I put my tools away and lean against the wall of the Machine with arms stretched out like I'm hugging it. I listen to the endless hum change pitch and I smile, knowing I've done a good job. The others think I'm crazy, but I don't talk to them much anyway - they avoid me, steer clear of the grease and the calluses and the scars. So many scars - the Machine demands constant vigilance. It needs constant attention as well, with parts wearing out or getting jammed every day. I step to the edge, where the air whips past and threatens to pull me out into nothingness, and I close my eyes. I can feel every vibration, hear every gear turning for a mile in all directions. Something is off, something throwing the alignment out of whack as we paddle through the clouds, so I clip onto the harness and rappel down onto a swinging sail, riding it along the side of the Machine.

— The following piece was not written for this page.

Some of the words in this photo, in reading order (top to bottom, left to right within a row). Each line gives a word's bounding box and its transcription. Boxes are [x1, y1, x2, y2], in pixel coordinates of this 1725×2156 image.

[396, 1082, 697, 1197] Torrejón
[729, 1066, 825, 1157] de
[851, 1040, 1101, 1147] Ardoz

At the far end of its path I jump off and climb up the wall, watching as the sail folds inwards and shoots back to the front so it can begin its journey once more. It's a beautiful dance. There are so many sails, and arms, and devices. Scoops reach out to sample the ever-changing atmosphere of our gas giant, antennae expand and retract as they search for other colonies in the mists. Other contraptions operate inside the rust-colored spiderweb that covers the whole of the Machine, each thread a thick metal support. Some of these flies in the web are pumps for air and water, others are sewage processors and even weapons systems, though as far as I know nobody has ever attacked the Machine. Each one of these devices is a beautiful miracle of gears and belts and pistons - serving the ones that live inside.

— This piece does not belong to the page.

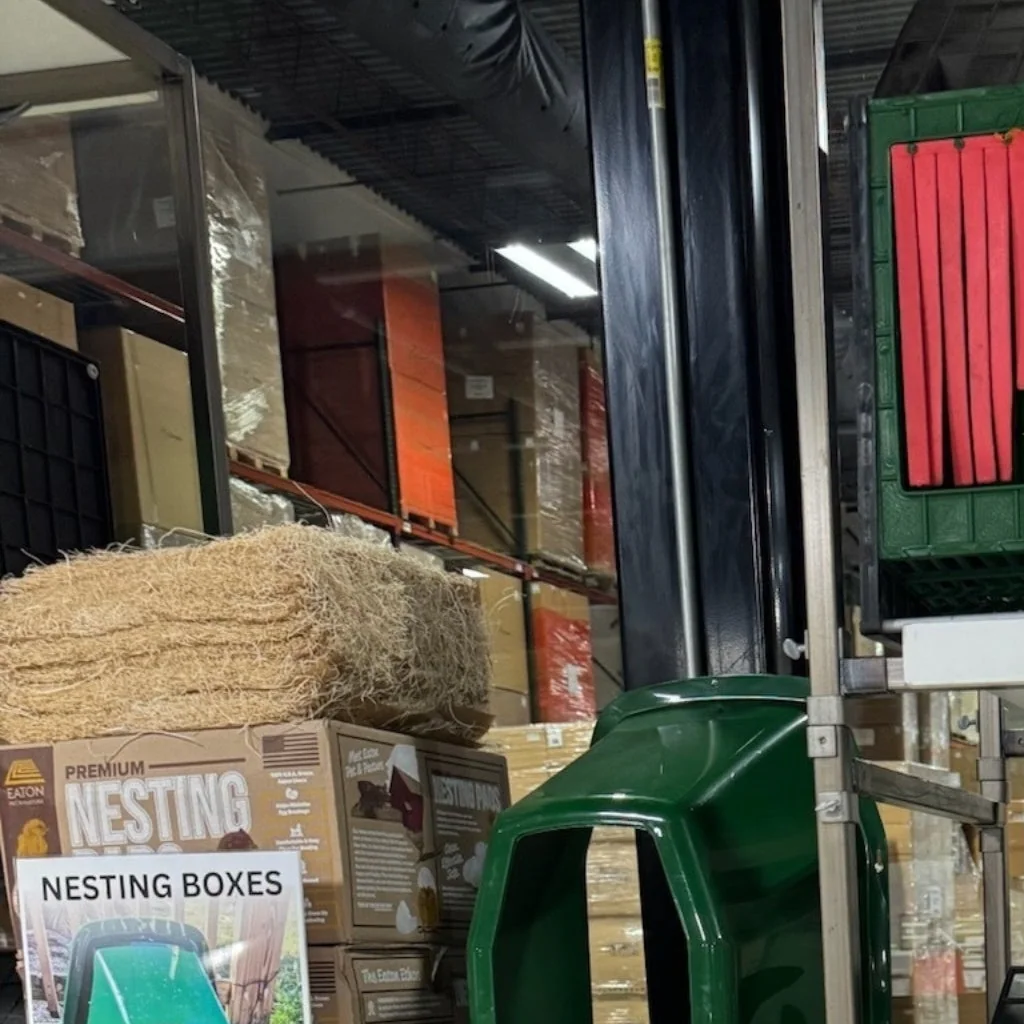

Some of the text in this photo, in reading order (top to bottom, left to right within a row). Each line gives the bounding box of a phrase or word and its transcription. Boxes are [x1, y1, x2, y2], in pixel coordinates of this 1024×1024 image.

[65, 760, 145, 778] PREMIUM
[7, 786, 45, 799] EATON
[64, 771, 251, 847] NESTING
[41, 870, 283, 901] NESTING BOXES

I look in on the others sometimes, peeking through the ventilation ducts or finding a perch somewhere near the maintenance hatch where I won't be noticed. I just watch, looking as they scurry around in the perfect sterile environment. None of them have scars, none of them are covered in grease. I pity them. I was born to them, so long ago, but I knew as soon as I was old enough to walk that there was something more out there. I remember sitting in my smooth clean bedroom and pressing an ear to the floor, listening for the distant sounds of the Machine that surrounded me. It spoke to me, even then. The others have jobs assigned to them; tending the gardens, cleaning, making clothes - but the External Engineers are called by something within. When the job was assigned there were forty of us, or so I'm told. Now there are four, one for each quadrant of the Machine.

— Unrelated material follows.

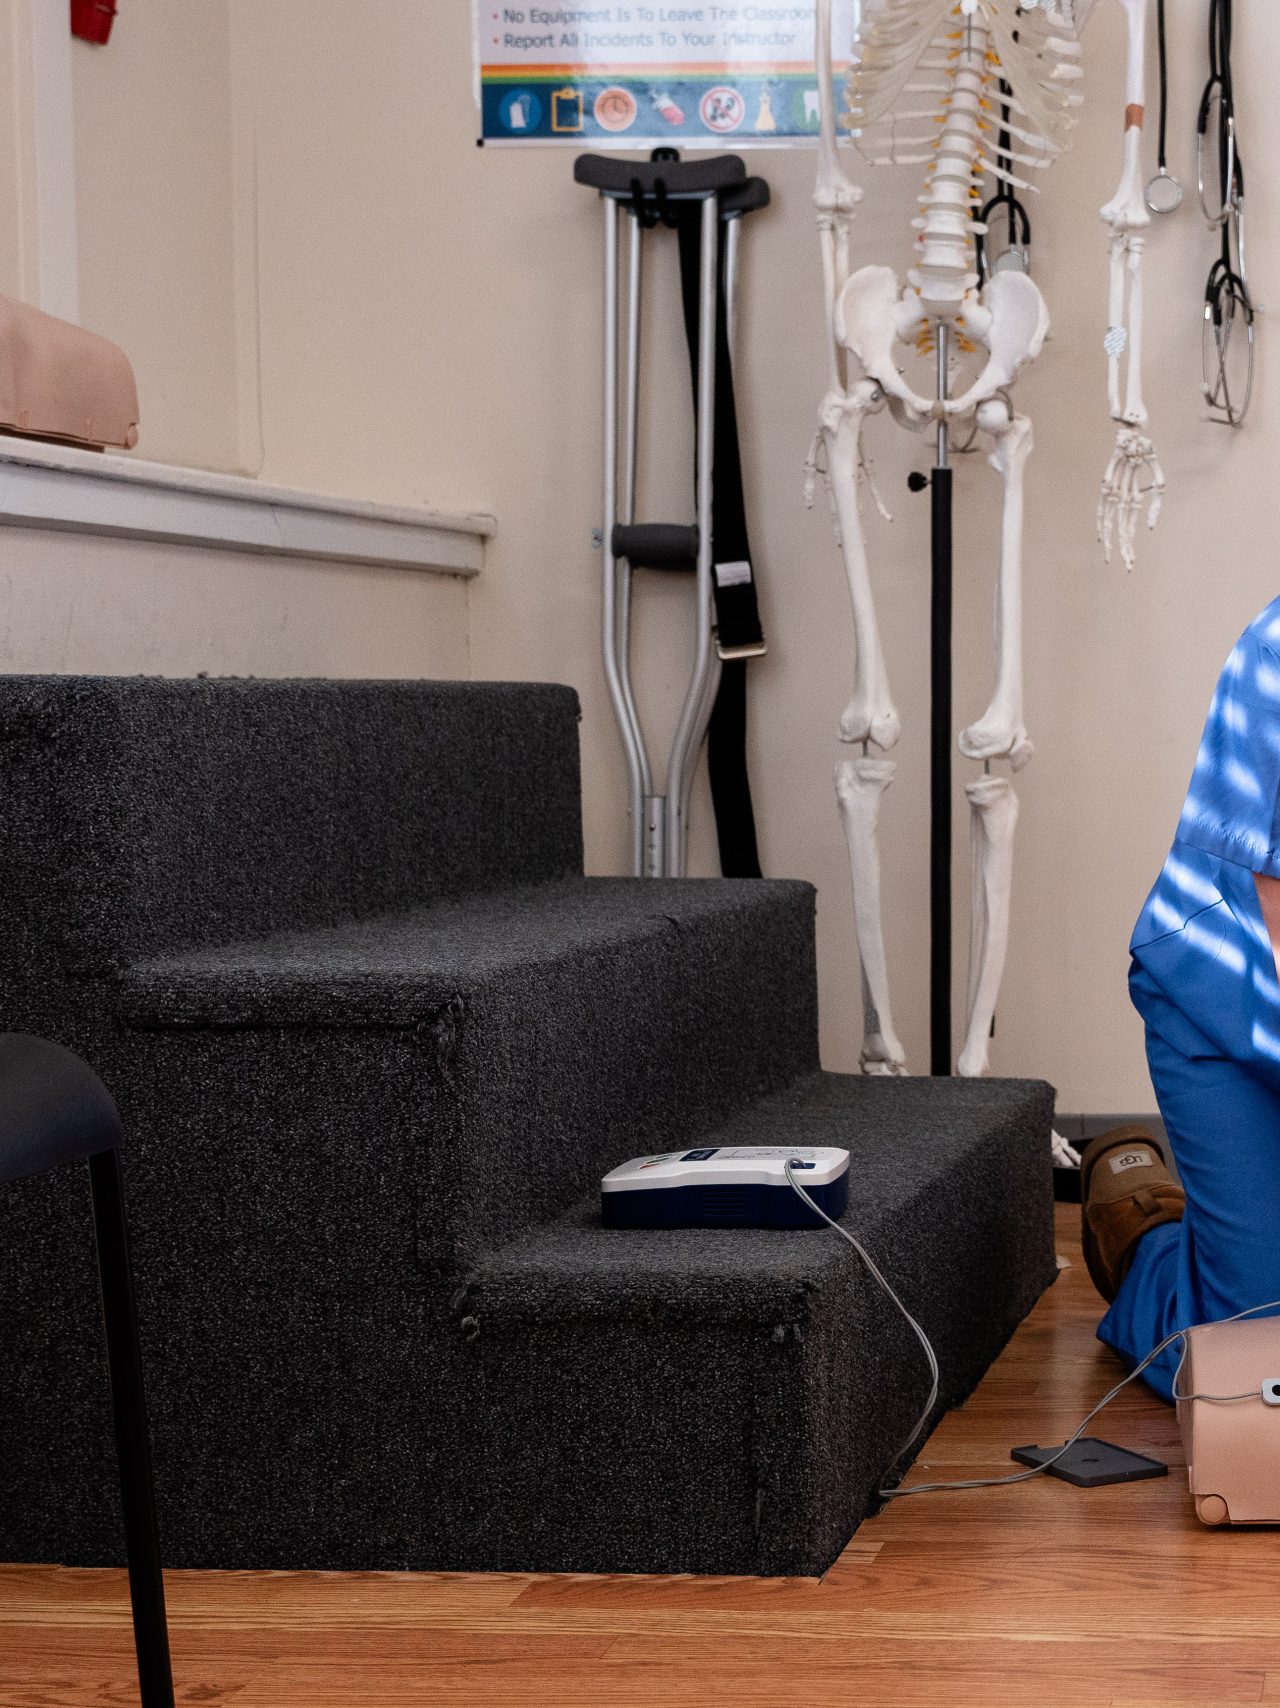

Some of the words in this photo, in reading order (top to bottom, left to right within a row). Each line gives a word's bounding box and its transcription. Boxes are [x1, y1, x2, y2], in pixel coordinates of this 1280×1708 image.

We ride the sails and swing through the scaffolding, and though I'm told we have assigned quarters somewhere in there with the others we prefer our hammocks, slung between two beams out in the cloud. Sometimes one will get too old or - much more rarely - too careless. They fall, or are pulled into the Machine. Like clockwork a child will sneak into the maintenance halls when that happens, they'll come like I did blinking into the light of the outside, and the others will train them. Maybe I'll even have a child of my own someday, though the other three engineers are all male so it's not exactly likely.
I find the offending part, a minor pivot in need of oil. Uncorking the bladder at my side I carefully give the Machine what it needs, and once the part is turning silently again I climb inwards until I can lean against the wall once more. I only have to wait a moment before I hear it; the humming grows deeper for a moment in thanks, the benevolent purr of the Machine.